Ce qui caractérise cette BD, outre ses jeux de mots, est l’anachronisme voulu. Ainsi à titre d’exemple un seigneur médiéval juché sur son cheval s’adresse à un paysan :

« Quel champ puis-je piétiner aujourd’hui, Mathieu ?

-         Allez piétiner les betteraves, sire. Il y a surproduction. Ça risque de faire baisser les prix. »

On découvre des scènes qui seront reprises ou amplifiées par la suite dans d’autres réalisations de Goscinny. Les Anglais qui font par exemple un pause pour le 5 o’clock préfigurent les Bretons d’Astérix.

Bref, on le voit ces divagations furent un laboratoire, un essai, brillant au demeurant, pour de futures œuvres.

Le succès d’Astérix fit que Dargaud en profita pour éditer enfin ces aventures en 1974. Martial écrivit alors à Goscinny en lui demandant de reprendre cette série lequel lui répondit qu’il en serait enchanté. Mais la maladie de l’épouse de Goscinny empêcha l’auteur de donner une suite immédiate à cette requête puis la mort de l’humoriste en 1977 mit un terme définitif à cette volonté.

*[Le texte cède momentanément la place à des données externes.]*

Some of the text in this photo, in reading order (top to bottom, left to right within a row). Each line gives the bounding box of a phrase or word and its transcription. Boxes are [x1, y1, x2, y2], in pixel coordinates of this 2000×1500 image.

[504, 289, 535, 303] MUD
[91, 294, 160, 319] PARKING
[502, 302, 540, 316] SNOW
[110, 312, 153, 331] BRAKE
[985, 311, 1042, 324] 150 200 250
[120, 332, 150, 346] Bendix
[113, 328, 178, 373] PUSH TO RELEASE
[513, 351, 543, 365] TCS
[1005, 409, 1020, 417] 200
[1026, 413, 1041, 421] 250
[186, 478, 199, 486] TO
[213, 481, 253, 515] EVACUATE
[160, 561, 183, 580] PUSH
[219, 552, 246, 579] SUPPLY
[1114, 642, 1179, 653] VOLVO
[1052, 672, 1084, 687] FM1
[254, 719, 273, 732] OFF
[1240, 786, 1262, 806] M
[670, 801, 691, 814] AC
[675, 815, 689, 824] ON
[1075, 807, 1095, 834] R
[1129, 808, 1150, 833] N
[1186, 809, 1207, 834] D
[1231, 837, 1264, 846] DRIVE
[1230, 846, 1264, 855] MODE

Le thème[modifier | modifier le code]

Chaque histoire débute avec l’image de M. Sait-Tout, chauve à lunettes avec une barbe blanche, qui se propose de livrer une brillante anecdote suite à une lecture dans un docte ouvrage. Au fil des histoires l’ouvrage savant s’avère être un annuaire des postes, un livre de coloriage, un catalogue, etc. Chaque fin d’histoire se termine invariablement par un personnage qui invite le professeur à une douche glacée, à enfiler une camisole, etc.

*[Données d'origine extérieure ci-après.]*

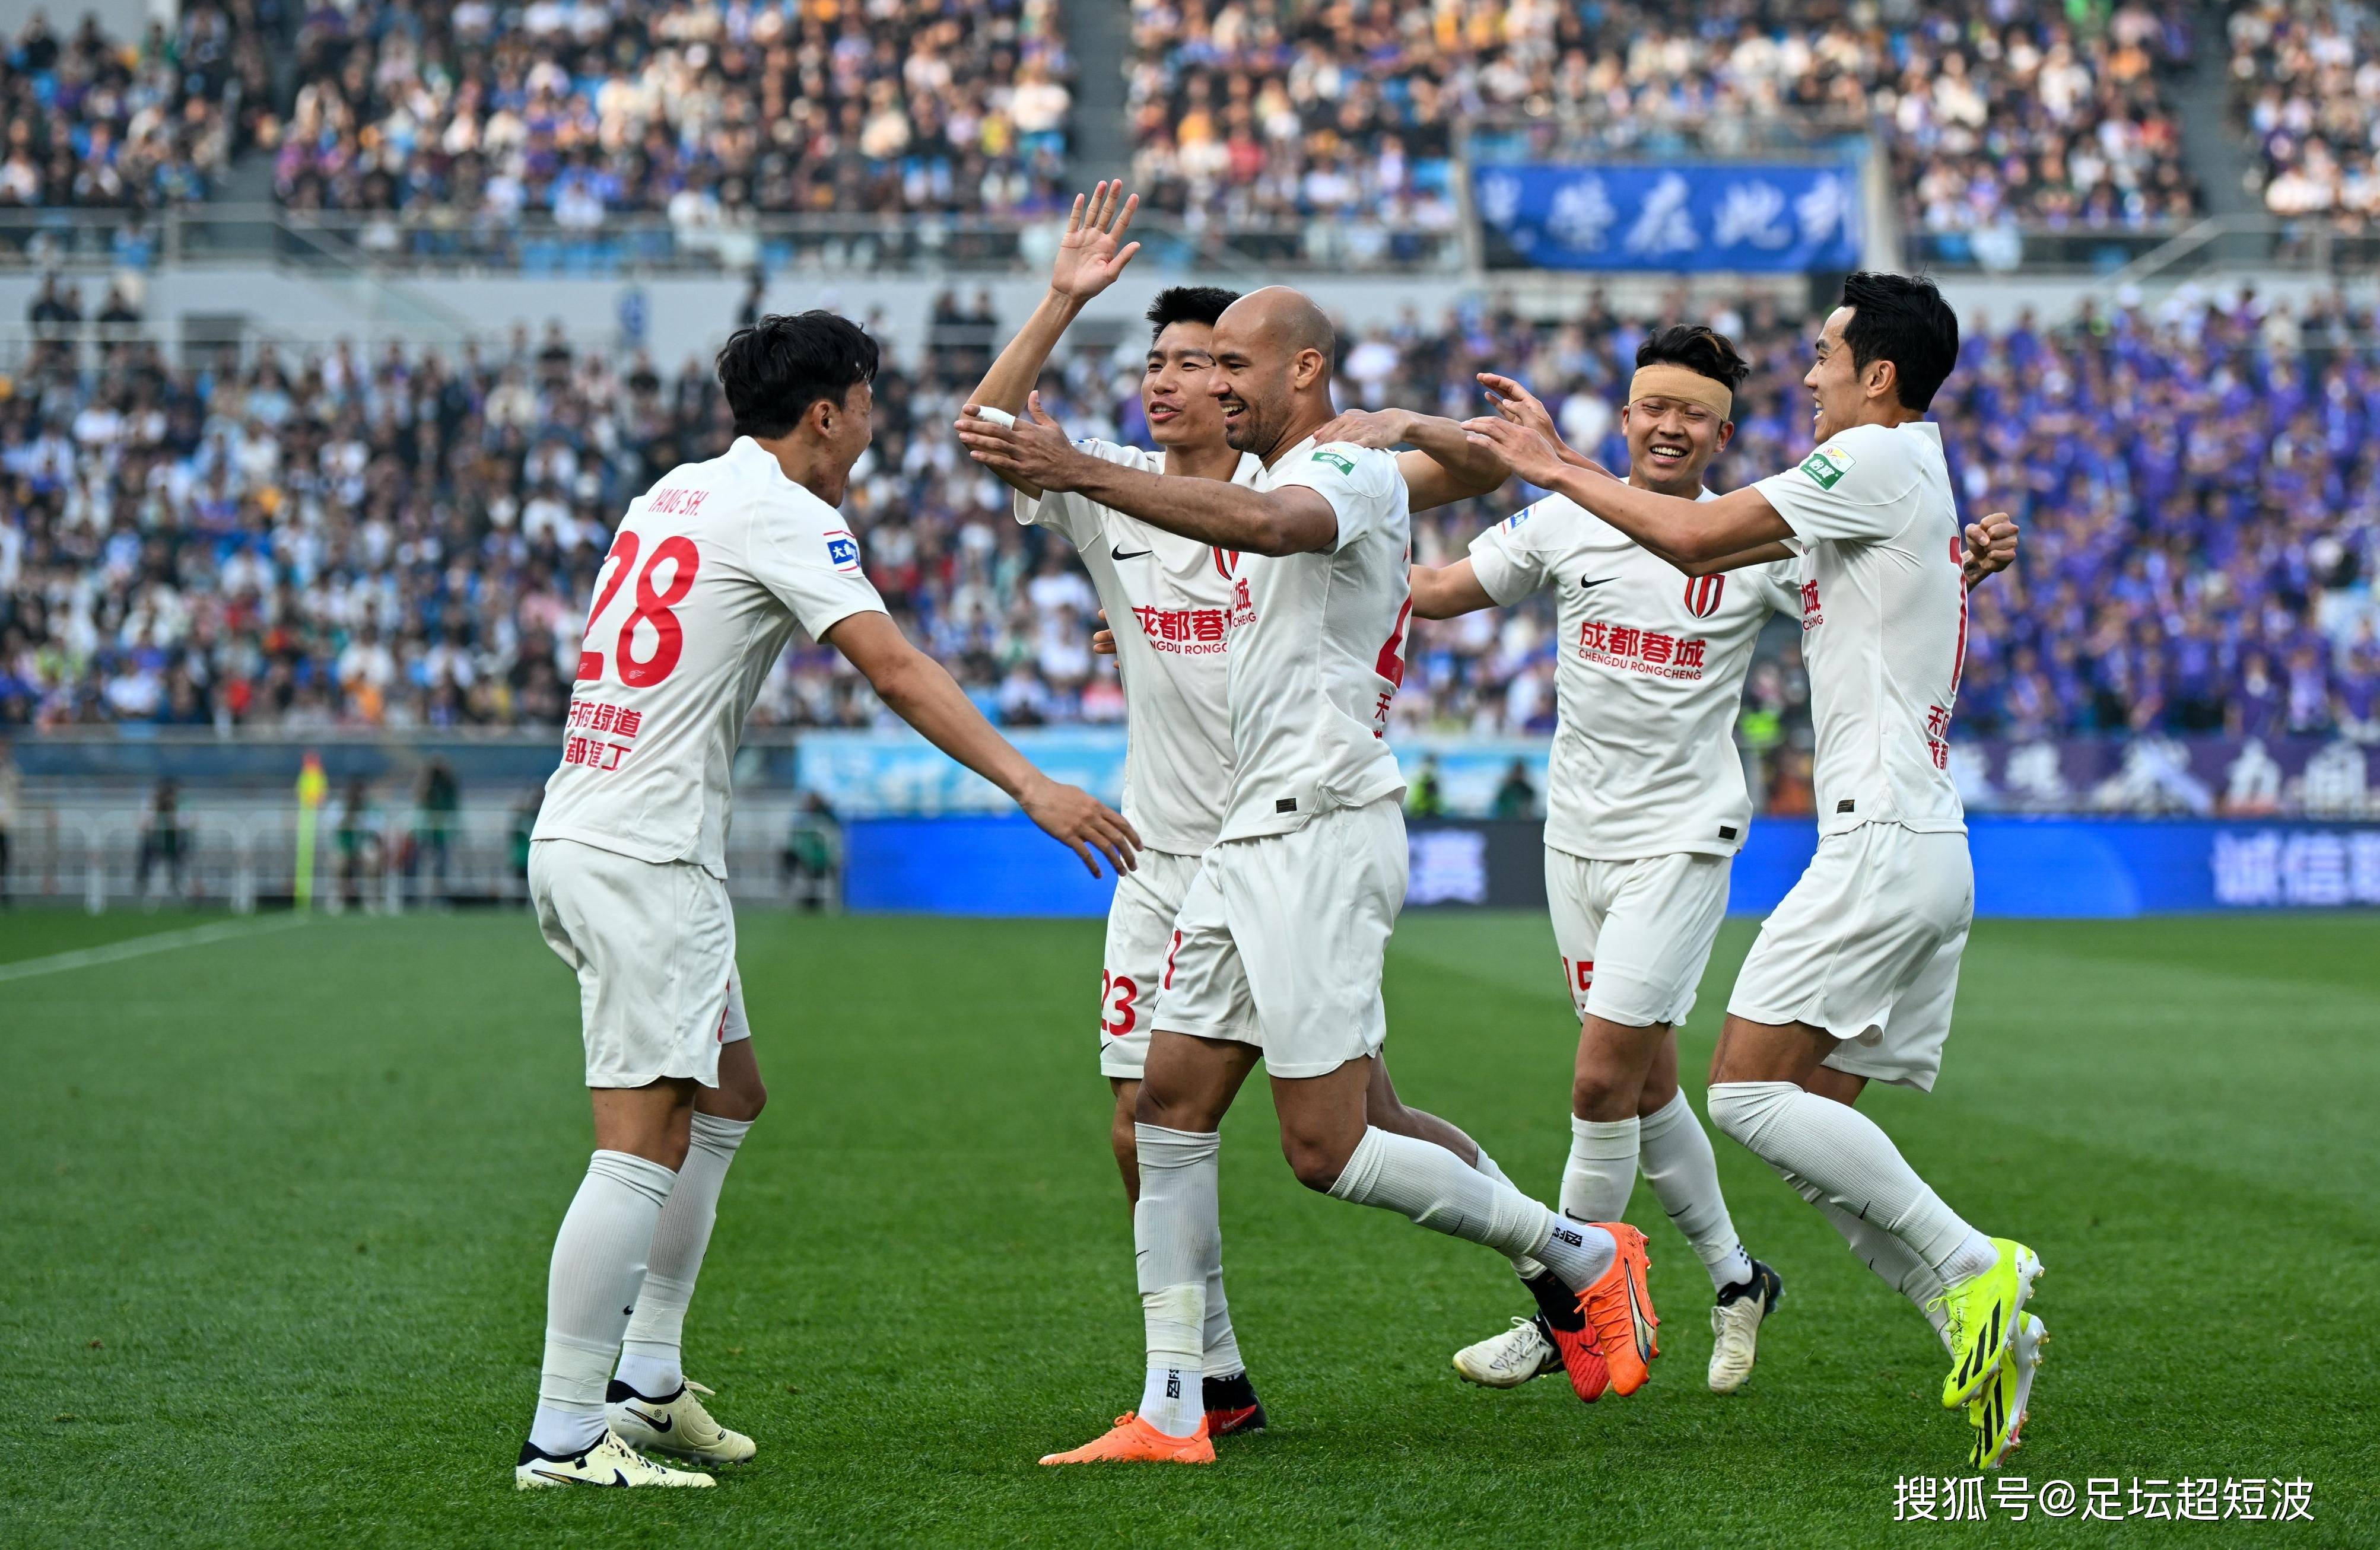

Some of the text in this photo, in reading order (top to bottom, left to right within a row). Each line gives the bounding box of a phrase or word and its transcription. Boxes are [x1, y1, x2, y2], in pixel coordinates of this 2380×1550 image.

Les publications[modifier | modifier le code]

Pilote[modifier | modifier le code]

Il est à noter que ces histoires étaient sans titre lors de leur parution dans Pilote. Les titres qui suivent ont donc été données pour l’édition en album.

  • no 105 (1961) Robinet des Bois -5 planches
  • no 112 (1961) Les deux mousquetaires -5 planches
  • no 118 (1962) Le tricot de l’empereur -4 planches
  • no 133 (1962) L’affaire des contrepoisons -8 planches
  • no 144 (1962) Eskif, le frêle -8 planches
  • no 157 (1962) La route des épices -8 planches

À noter que l’un des personnages, coureur de son état, s’appelle Zatoplect, allusion à Emil Zatopek, dans la version Pilote et qu’il devient dans l’album Edimeclt, pour Eddy Merckx évidemment. Goscinny a dû juger que son nouveau lectorat ignorerait tout des exploits vieux alors de plus de 20 ans du quadruple médaillé d’or alors que ceux de Merckx étaient encore d’actualité.

  • no 169 (1963) Entracte (une histoire d’esquimaux) -6 planches
  • no 186 (1963) Sans rime, ni raison -6 planches
  • no 309 (1965) Rentrée -6 planches

Album[modifier | modifier le code]

Les Divagations de Monsieur Sait-Tout (1974- Dargaud/ Réédité avec une nouvelle couverture en 1982)

Notes et références[modifier | modifier le code]

  1. Témoignage de Martial in Le Dictionnaire Goscinny – JC Lattès -2003 page 423.